It is well known that, if a univariate function $f \colon [0,1] \rightarrow \mathbb{R}$ is monotone, then it has at most countably many discontinuity points. I was wondering to which degree this result extends to multivariate functions.
In particular, let $g: [0,1]^2 \rightarrow \mathbb{R}$ be a bivariate function that is monotone in each variable, that is, $g(x,\cdot)$ and $g(\cdot,y)$ are both monotone for all $x,y \in [0,1]$. I know that $g$ may have more than countably many discontinuity points (see, for instance, Number of Discontinuities of a Monotone function of several variables). However, is it true that the set of discontinuity points of $g$ has Lebesgue measure zero?
Let $g \colon \mathbb{R}^2 \to \mathbb{R}$ be a function that is increasing in each variable, and let $D \subset \mathbb{R}^2$ be the set of its discontinuities. $D$ is measurable and via a change of variables we get ($\lambda$ is the Lebesgue measure in $\mathbb{R}^2$) :
$$ \begin{align} \lambda(D) &=\int_{-\infty}^{+\infty}\int_{-\infty}^{+\infty} 1_D(x,y) \ \mathrm{d}x\mathrm{d}y \\ &=2\int_{-\infty}^{+\infty}\left[\int_{-\infty}^{+\infty} 1_D(s-t,s+t) \ \mathrm{d}s\right]\mathrm{d}t \\ \end{align} $$
Let us fix $t$ and denote by $\varphi_t$ the function $s\mapsto g(s-t,s+t)$. I claim that if $\varphi_t$ is continuous at $s$, then $g$ is continuous at $(s-t,s+t)$. Indeed, by monotony of $g$ we have $$g(s-t-\delta,s+t-\delta) \leq g(x,y) \leq g(s-t+\delta,s+t+\delta) $$ whenever $(x,y)$ belongs to the square $[s-t-\delta,s-t+\delta]\times[s+t-\delta,s+t+\delta]$. We can rewrite it as $$\varphi_t(s-\delta) \leq g(x,y) \leq \varphi_t(s+\delta), $$ so taking the limit as $\delta \to 0$ proves my claim.
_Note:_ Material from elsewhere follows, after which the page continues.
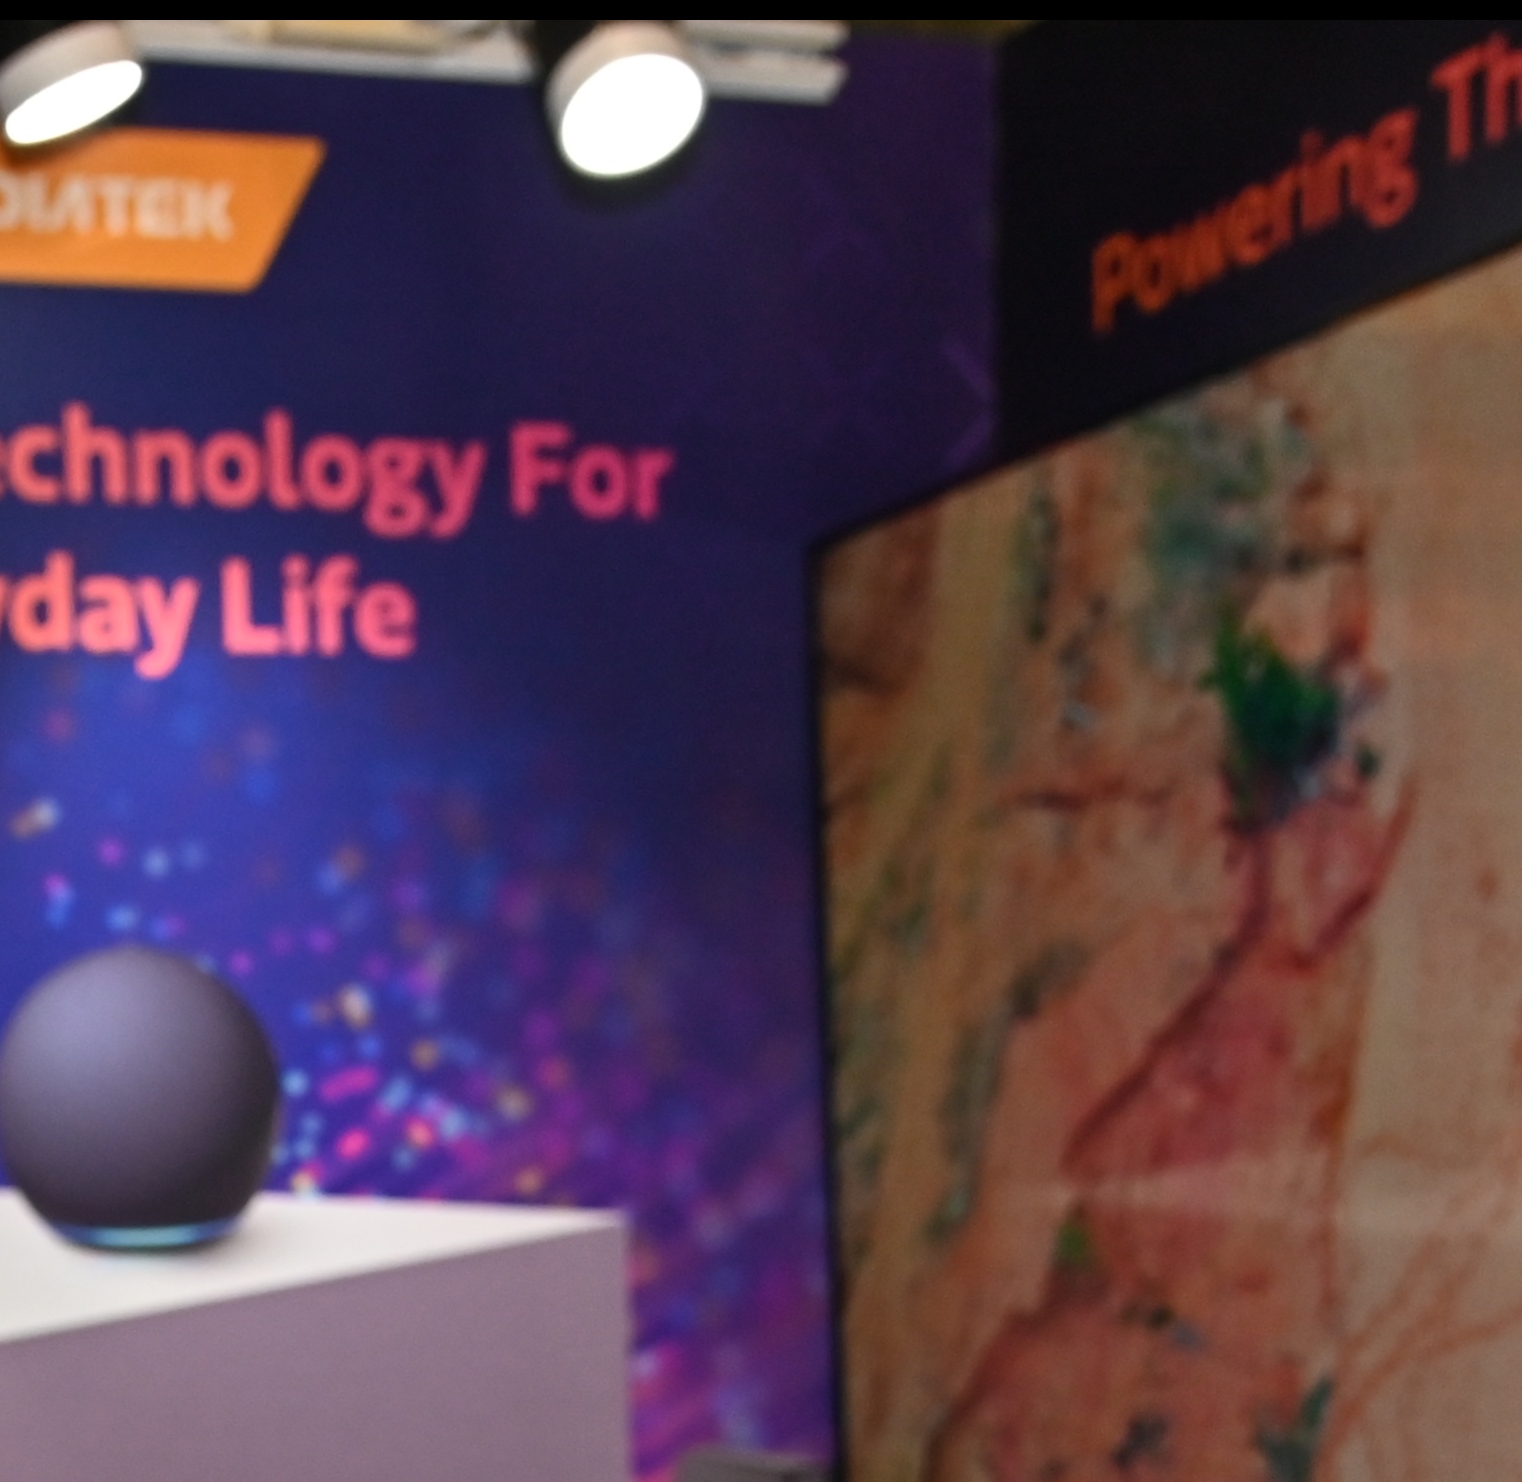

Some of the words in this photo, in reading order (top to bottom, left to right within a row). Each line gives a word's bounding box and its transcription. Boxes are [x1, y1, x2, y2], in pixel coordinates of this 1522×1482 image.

By contraposition, a discontinuity of $g$ is a discontinuity of $\varphi_t$. But $\varphi_t$ is increasing, so its discontinuities are countable. Hence the integral
$$ \int_{-\infty}^{+\infty} 1_D(s-t,s+t) \ \mathrm{d}s $$
is equal to $0$ for all $t$, and $\lambda(D)=0$.
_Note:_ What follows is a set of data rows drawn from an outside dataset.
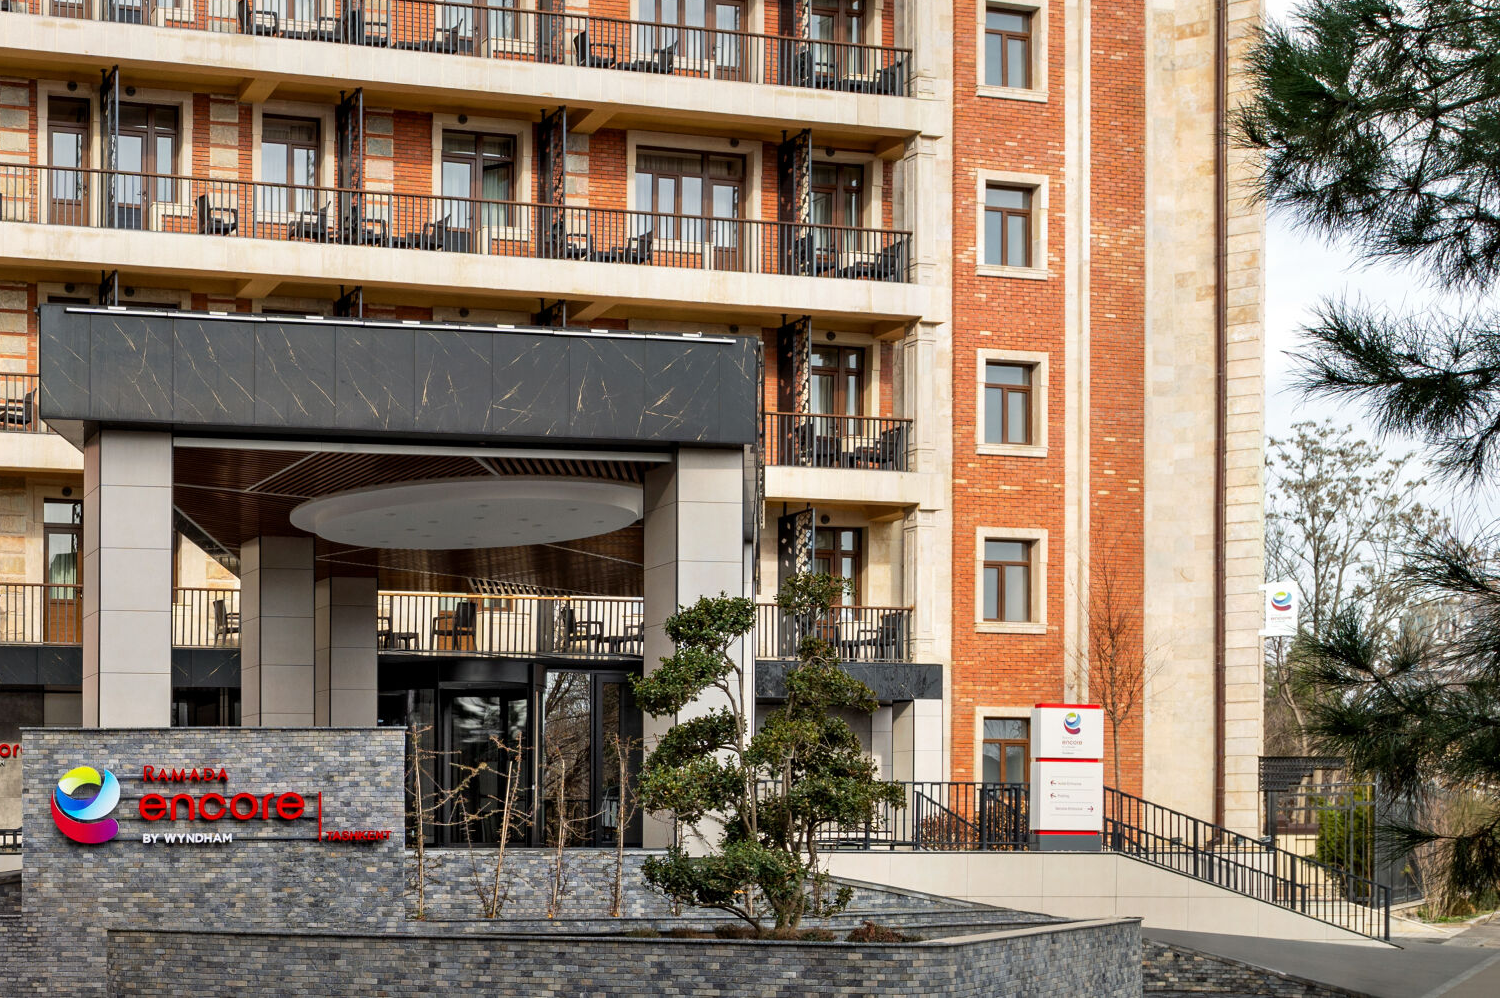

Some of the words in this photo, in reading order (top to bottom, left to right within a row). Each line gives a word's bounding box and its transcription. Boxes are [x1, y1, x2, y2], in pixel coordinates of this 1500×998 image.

[143, 765, 229, 782] RAMADA
[139, 792, 305, 821] encore
[142, 833, 160, 844] BY
[164, 832, 233, 844] WYNDHAM
[325, 830, 392, 841] TASHKENT
Edit : Let me explain why $D$ is measurable. Let $(X,d)$ and $(Y,\delta)$ be two metric spaces and $f \colon X\to Y$ be a map. For all $x\in X$, let $$\omega(x)=\inf_{\varepsilon>0}\sup_{\substack{d(x,y) <\epsilon \\ d(x,z) <\epsilon}} \delta(f(y),f(z)). $$ First note that $f$ is continuous at $x$ iff $w(x)=0$. Now let $$ A_n=\{x\in X \mid \omega(x) < 1/n\}. $$ Then the set of continuity of $f$ is exactly $\cap_{n} A_n$. Hence it is now sufficient to show that $A_n$ is open for all $n$. For a given point $x\in A_n$, there exists an open neighbourhood $V$ of $x$ such that $\delta(f(y),f(z)) < 1/n$ for all points $y,z \in V$. But then it is easy to see that any point $x' \in V$ is actually in $A_n$ (take a small ball around $x'$ that is inside $V$). So $A_n$ is open.
Remark : we have actually proven that the set of continuity of a function $f$ is a $G_\delta$ (countable intersection of open sets). For instance, if $X=\mathbb{R}$, the set of continuity of $f$ cannot be $\mathbb{Q}$ since it is not a $G_\delta$.